(Records drawn from a dataset)
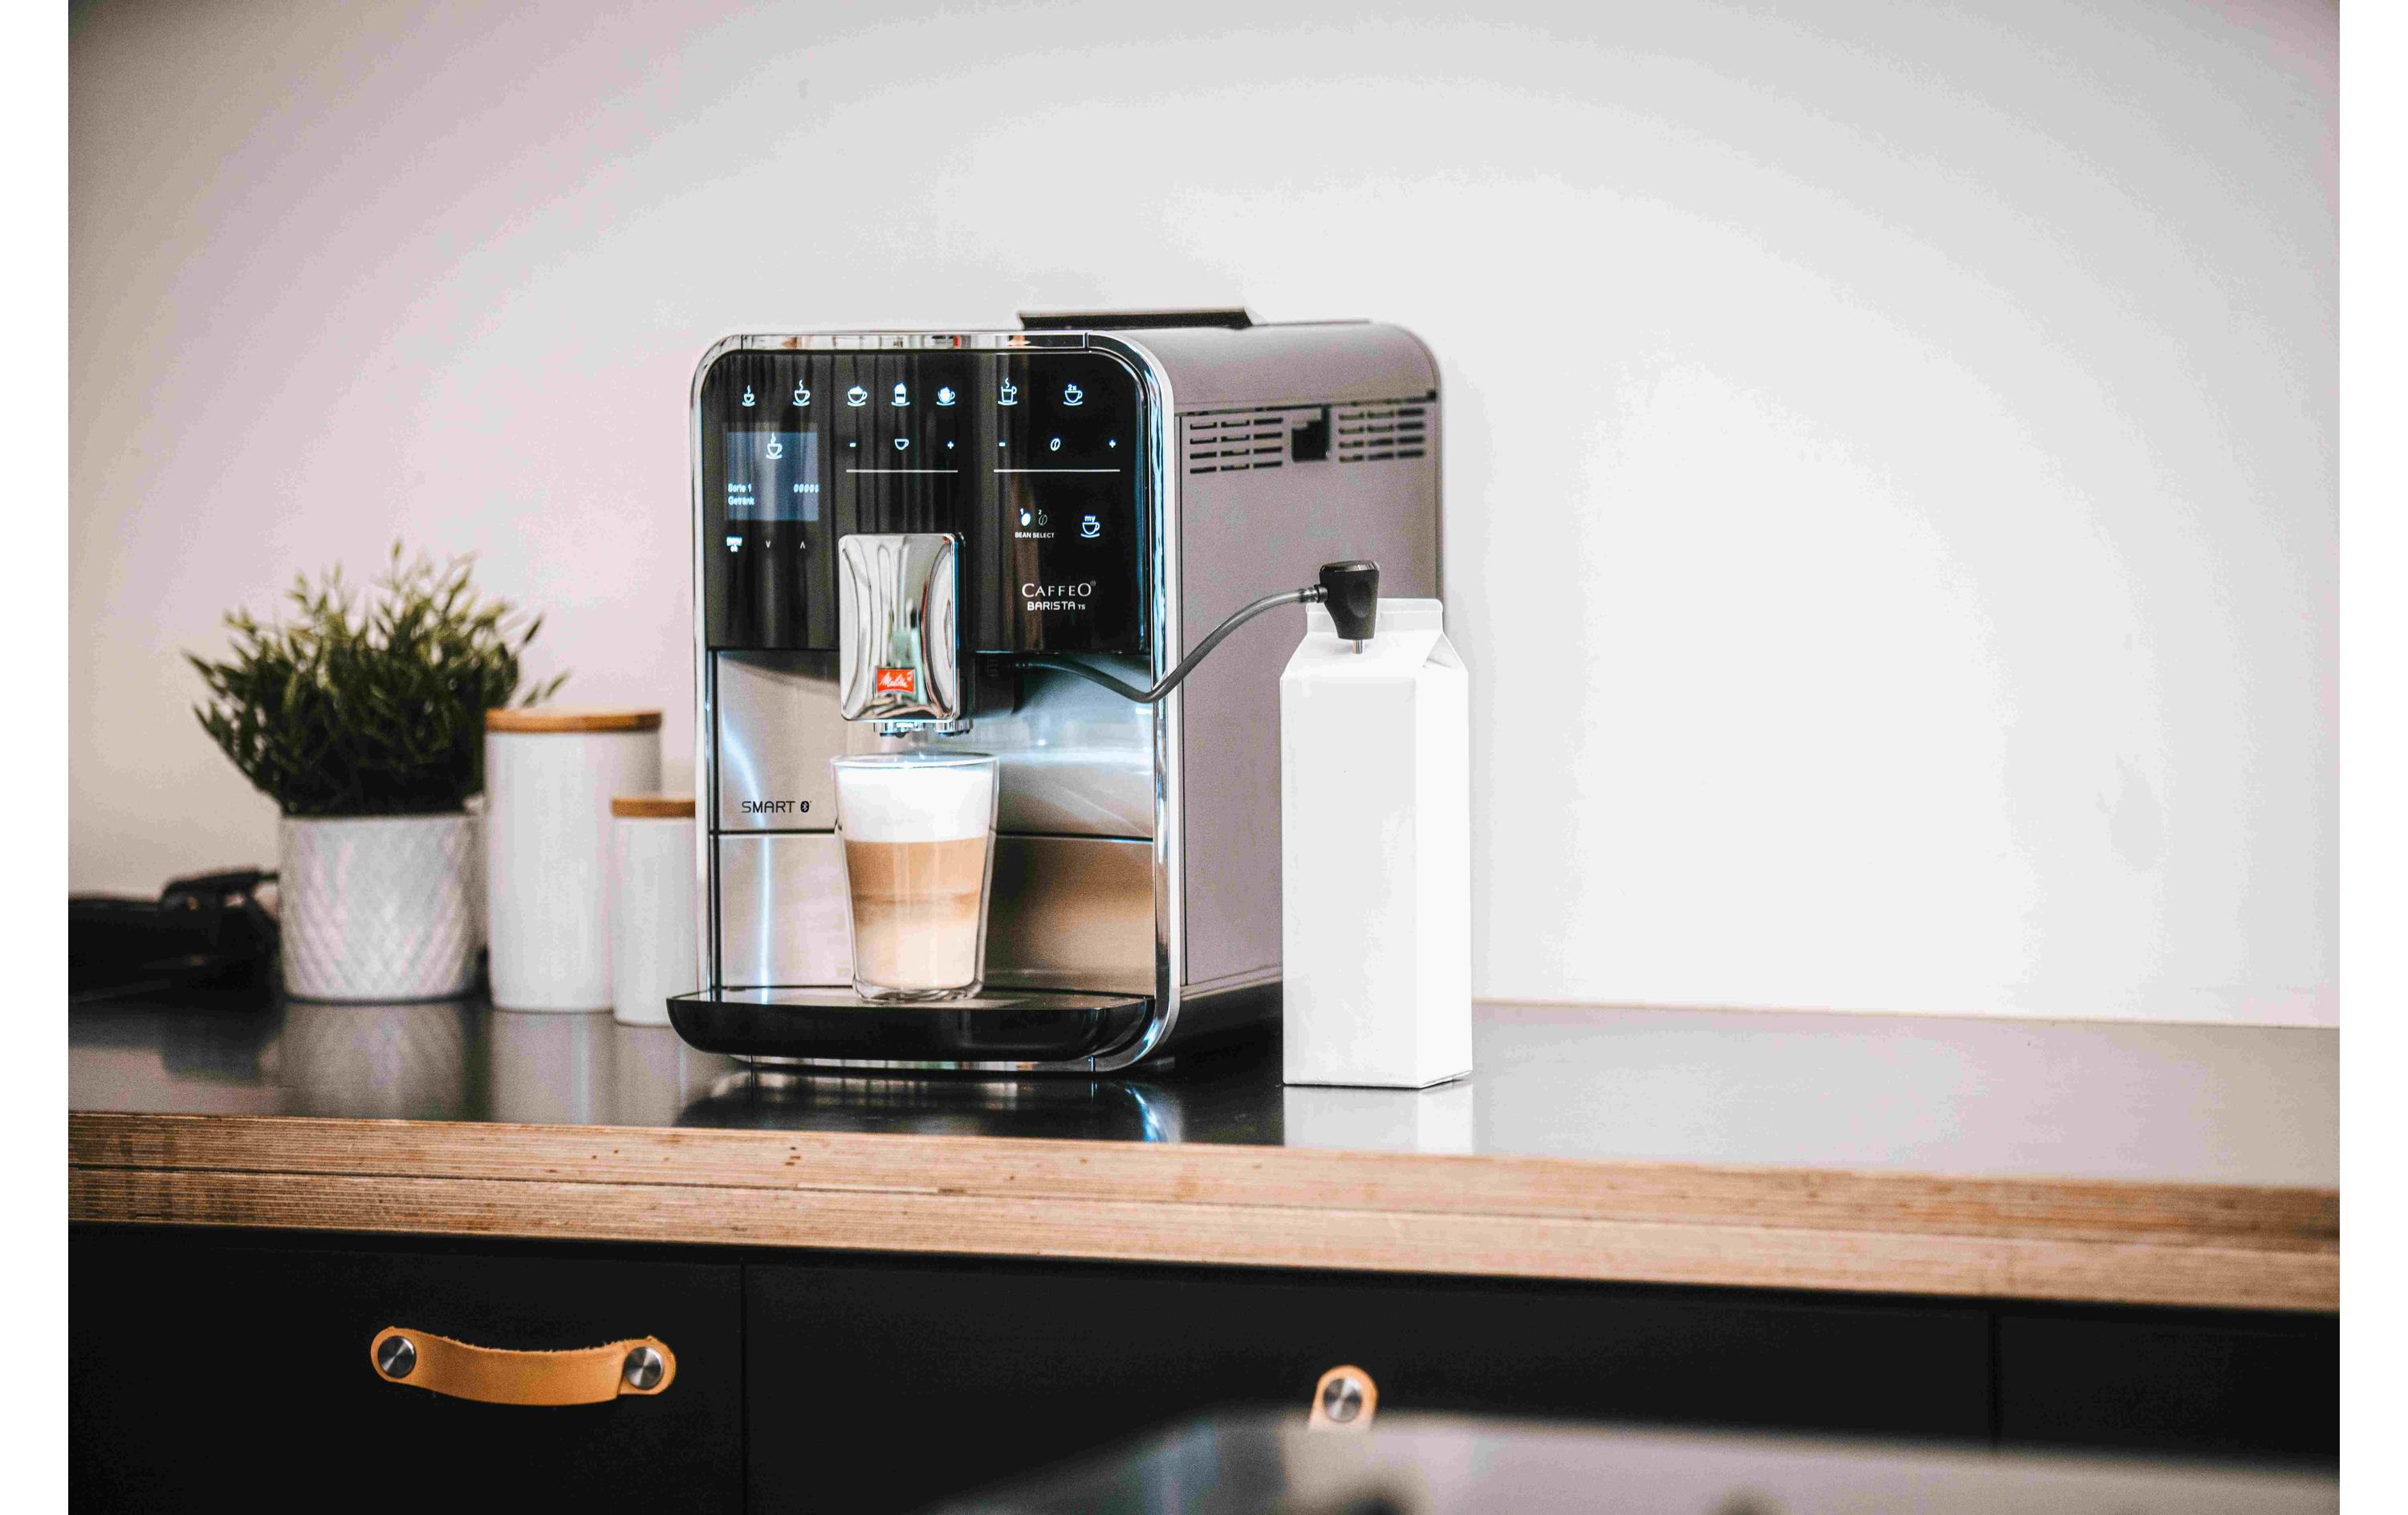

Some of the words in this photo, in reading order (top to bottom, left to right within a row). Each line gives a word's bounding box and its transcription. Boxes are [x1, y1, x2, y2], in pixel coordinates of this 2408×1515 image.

[748, 483, 752, 493] 1
[1084, 515, 1096, 523] my
[1027, 601, 1076, 611] BARISTA
[741, 801, 796, 814] SMART

YOUR TASK: The records above must be repeated in full and exactly, but without any of the pictures.

ANSWER TO THIS PROBLEM:
Some of the words in this photo, in reading order (top to bottom, left to right within a row). Each line gives a word's bounding box and its transcription. Boxes are [x1, y1, x2, y2], in pixel coordinates of this 2408×1515 image.

[748, 483, 752, 493] 1
[1084, 515, 1096, 523] my
[1027, 601, 1076, 611] BARISTA
[741, 801, 796, 814] SMART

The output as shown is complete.